While you can replace one ignition coil that’s causing the problem, it may be best to replace them all. This is a good practice if the coils haven’t been changed in a while and the car has a lot of miles on it. Otherwise, you may run into the same problem as another coil goes bad. 

Visit a Mechanic

talk to a mechanic

Some of our suggestions aren’t meant to be diagnosed or fixed by an inexperienced person. If you don’t have more than basic mechanical knowledge, we don’t recommend working on the clutch, ABS or wheel bearings.

If the basic fixes don’t help reduce the jerking, it’s time to reach out to a local mechanic. After a quick diagnosis, they should be able to tell you what’s wrong. At that point, you can decide if the fix can be done at home or if you need to pay them for the repair. 

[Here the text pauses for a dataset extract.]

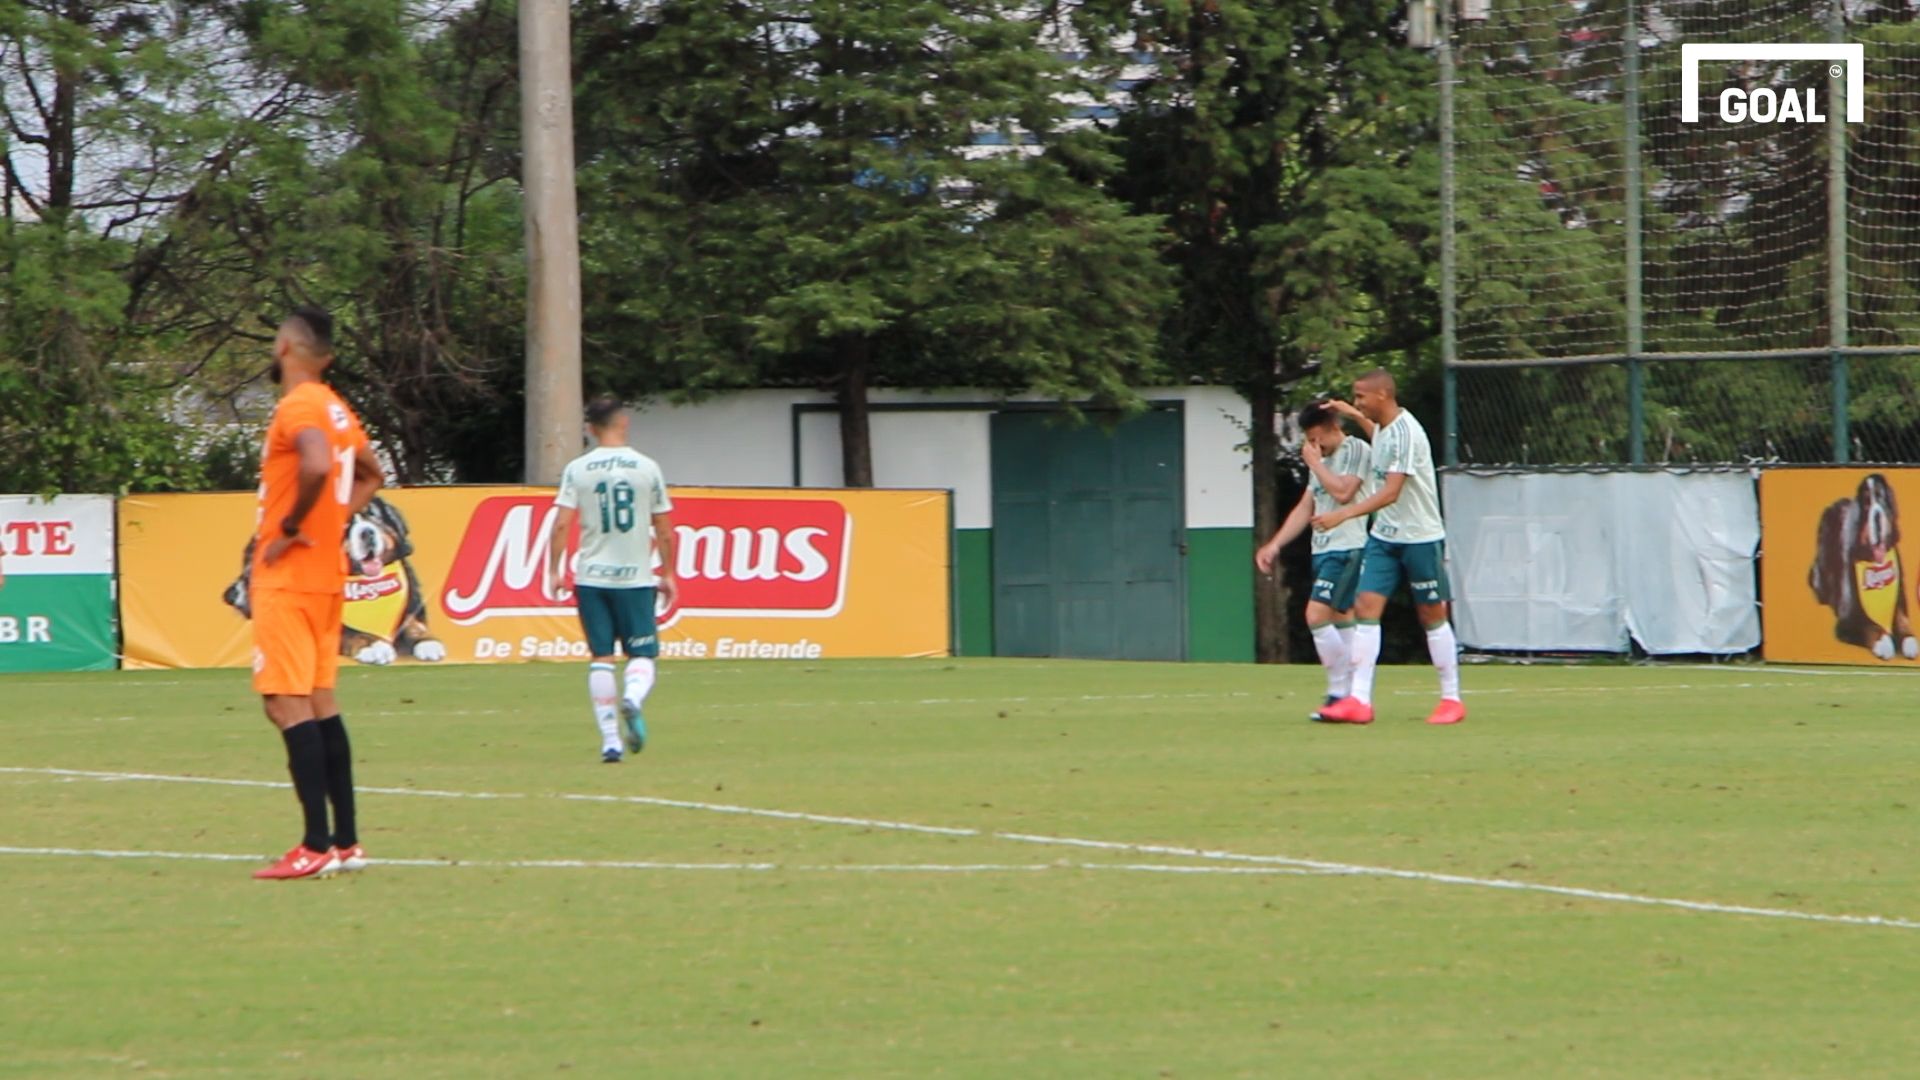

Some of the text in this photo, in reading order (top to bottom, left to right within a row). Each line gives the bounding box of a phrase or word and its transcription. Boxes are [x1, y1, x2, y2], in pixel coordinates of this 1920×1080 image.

Why does my car jerk when slowing down?

There could be issues with the transmission or braking system. It’s also possible that there’s a clutch malfunction, a contaminated throttle body, bad ignition coils or a faulty wheel bearing. If the ABS light is on the dashboard, this system could be defective, leading to jerking sensations.

Is car jerking a transmission problem?

A jerking car can be related to the transmission. It’s possible that the transmission fluid is low or contaminated. There’s also the chance that there’s internal damage and the gears are slipping, causing trouble engaging. There could be other mechanical problems to blame too, such as bad brakes, a faulty wheel bearing, defective ignition coils, or malfunctioning ABS.

Why does my car jerk back when I stop?

If the jerking only occurs when you are pushing down on the brake pedal, there could be an issue with the pads or rotors. Check the braking system and repair the issue. If the pads and rotors aren’t bad, don’t overlook the fluid level, ABS and wiring, all of which can cause similar symptoms.

Will low transmission fluid cause the car to jerk?

As the transmission fluid gets low, the vehicle can start to jerk and act erratically, especially while downshifting. Check the transmission fluid levels and top off if needed. Even if the fluid level is correct, contamination can cause some of the same symptoms, so you may want to change it. 

Jerking sensations can be a scary thing to deal with while driving. If they become too erratic, you may start to worry about controlling the vehicle. That’s why it’s important to take action at the first sign of a rough drive. While many issues can lead to jerking while accelerating, there are also some that occur when slowing the vehicle down.

A quick inspection may reveal the problem and hopefully, it’s something simple to fix, such as low transmission fluid or a dirty throttle body. There’s also the chance that the brakes are to blame or the car needs a new ignition coil. Yet, there are also more advanced issues that you may not be able to tackle on your own. Don’t hesitate to seek out professional help when needed.